Against this background we convened another 1330amWEBY wide-ranging Middle East Round Table discussion with Dr. Jonathan Schanzer of FDD.
Bates: Good afternoon and welcome back to Your Turn. We are going to focus our attention on the Middle East as we frequently do on this program. We have in the studio Jerry Gordon, Senior Editor of the New English Review and its blog the Iconoclast. Welcome Jerry.
Gordon: Good to be here.
Bates: And joining us by telephone is Jonathan Schanzer. He is the V.P. of Research at the Foundation for Defense of Democracies in Washington D.C. and the author of the book, State of Failure, Yasser Arafat, Mahmoud Abbas and the Unmaking of the Palestinian State. Great book by the way. I remember reading that. Jonathan, Welcome.
Schanzer: Thank you very much.
Bates: I’d like to open this with a question about what I think is the single greatest threat to planet earth and that is the Iranian Nuclear Program. I believe that Iran must not acquire a nuclear weapon no matter what it takes to prevent that. There was a Jeffrey Goldberg article in The Atlantic that primarily focused on senior administration officials with reference to Prime Minister Benjamin Netanyahu. Jeffrey Goldberg said that he spoke to a senior official in the White House who regularly deals with Israel. The official said the Obama administration no longer believes that Netanyahu would launch a preemptive strike on Iran’s nuclear facilities in order to keep the regime in Tehran from building an atomic arsenal. Quoting the official, “it’s too late for him to do anything.” That sounds to me like the Obama Administration is bragging that Iran will become a nuclear power and that we had something to do with it! What is your take on that Jonathan Schanzer?
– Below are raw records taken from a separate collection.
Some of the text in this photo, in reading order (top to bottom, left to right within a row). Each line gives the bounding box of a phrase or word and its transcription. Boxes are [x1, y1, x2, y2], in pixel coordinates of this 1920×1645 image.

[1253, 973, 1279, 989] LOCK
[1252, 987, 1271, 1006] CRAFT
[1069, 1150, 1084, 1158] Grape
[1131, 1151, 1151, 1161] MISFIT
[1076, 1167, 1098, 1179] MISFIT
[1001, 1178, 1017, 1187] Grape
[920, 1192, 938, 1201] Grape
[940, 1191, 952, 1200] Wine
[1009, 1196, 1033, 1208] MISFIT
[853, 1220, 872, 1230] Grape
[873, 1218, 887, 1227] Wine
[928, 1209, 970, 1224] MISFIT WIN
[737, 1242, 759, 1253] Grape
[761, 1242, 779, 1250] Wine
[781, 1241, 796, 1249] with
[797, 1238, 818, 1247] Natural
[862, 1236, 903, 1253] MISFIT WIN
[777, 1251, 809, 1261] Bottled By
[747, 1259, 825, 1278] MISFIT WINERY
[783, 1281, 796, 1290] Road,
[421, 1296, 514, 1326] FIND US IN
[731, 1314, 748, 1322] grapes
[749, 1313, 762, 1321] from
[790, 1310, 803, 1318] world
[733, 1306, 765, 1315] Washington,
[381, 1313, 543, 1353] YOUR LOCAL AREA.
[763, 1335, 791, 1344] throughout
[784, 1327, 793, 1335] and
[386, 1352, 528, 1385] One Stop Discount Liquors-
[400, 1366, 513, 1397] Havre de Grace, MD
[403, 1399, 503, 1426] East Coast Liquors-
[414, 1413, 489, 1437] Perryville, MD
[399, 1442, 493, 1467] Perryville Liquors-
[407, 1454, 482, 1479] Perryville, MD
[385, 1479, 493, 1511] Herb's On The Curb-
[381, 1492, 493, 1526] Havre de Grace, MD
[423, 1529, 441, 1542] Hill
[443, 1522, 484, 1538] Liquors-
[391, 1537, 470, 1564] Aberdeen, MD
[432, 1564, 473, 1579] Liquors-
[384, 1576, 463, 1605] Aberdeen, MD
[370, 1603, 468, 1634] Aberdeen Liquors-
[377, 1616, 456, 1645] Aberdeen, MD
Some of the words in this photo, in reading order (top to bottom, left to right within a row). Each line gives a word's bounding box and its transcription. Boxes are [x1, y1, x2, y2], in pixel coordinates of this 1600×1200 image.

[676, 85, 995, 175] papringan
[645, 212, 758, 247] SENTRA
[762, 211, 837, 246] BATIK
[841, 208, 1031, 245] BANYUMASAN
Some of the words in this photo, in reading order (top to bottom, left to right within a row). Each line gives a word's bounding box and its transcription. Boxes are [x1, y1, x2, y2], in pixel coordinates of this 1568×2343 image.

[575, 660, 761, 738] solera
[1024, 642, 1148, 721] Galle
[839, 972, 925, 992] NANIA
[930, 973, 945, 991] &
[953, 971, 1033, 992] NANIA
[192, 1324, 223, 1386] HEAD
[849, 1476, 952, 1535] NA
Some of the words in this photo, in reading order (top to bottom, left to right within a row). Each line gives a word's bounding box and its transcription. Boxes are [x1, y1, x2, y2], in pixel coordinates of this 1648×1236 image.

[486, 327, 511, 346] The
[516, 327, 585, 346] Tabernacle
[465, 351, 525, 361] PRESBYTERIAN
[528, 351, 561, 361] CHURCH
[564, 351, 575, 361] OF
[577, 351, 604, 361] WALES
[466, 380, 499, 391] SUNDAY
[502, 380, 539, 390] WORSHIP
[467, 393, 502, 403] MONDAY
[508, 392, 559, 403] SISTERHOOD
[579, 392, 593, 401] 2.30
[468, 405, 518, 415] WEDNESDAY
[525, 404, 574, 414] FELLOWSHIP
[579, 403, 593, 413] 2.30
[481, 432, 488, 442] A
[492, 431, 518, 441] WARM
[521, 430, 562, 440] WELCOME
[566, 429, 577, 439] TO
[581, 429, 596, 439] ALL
Schanzer: I think the entire episode was a bit bizarre. The fact that you would have a senior U.S. Official talking to a reporter on background and saying these sorts of things about a world leader. To me it’s extremely unprofessional. I found the entire episode very surprising and beneath the office of the White House. Now as to what the underlying messages were, I think number one, there does seem to be a bit of gloating on the part of this one official that Bibi now appears to be deterred from launching a preemptive strike on Iran. That is not necessarily a good thing. The Iranians need to know that there could be some repercussions for continuing this nuclear program. I think you’ve got a senior White House Official who is delivering a very dangerous message, perhaps even placating the Iranians. It wasn’t about the tensions between the two leaders, which we know has been ongoing. The fact that Netanyahu and Obama don’t love each other is no secret to anyone who’s been watching this since 2009. What we have really here is a fundamental challenge: on the one hand, Netanyahu sees himself as being put on this earth to prevent Iran from going nuclear, and on the other hand, you have a president who has failed in so many ways trying to establish a foreign policy legacy. He is now looking at the Iranian nuclear deal as perhaps the only positive thing that he will be able to salvage after six years in office. So it puts these two leaders on a collision course. I think what we saw from this unnamed official was a confirmation of that.
Bates: So you say that Iran needs to feel pressure and yet the Obama Administration has done just the opposite. They have eased sanctions without Iran having to really concede anything. Now they have an extension on the deadline for the talks so what’s the strategy here? Is the American administration just determined to let Iran kick the can down the road until one day we find out that they have a working bomb?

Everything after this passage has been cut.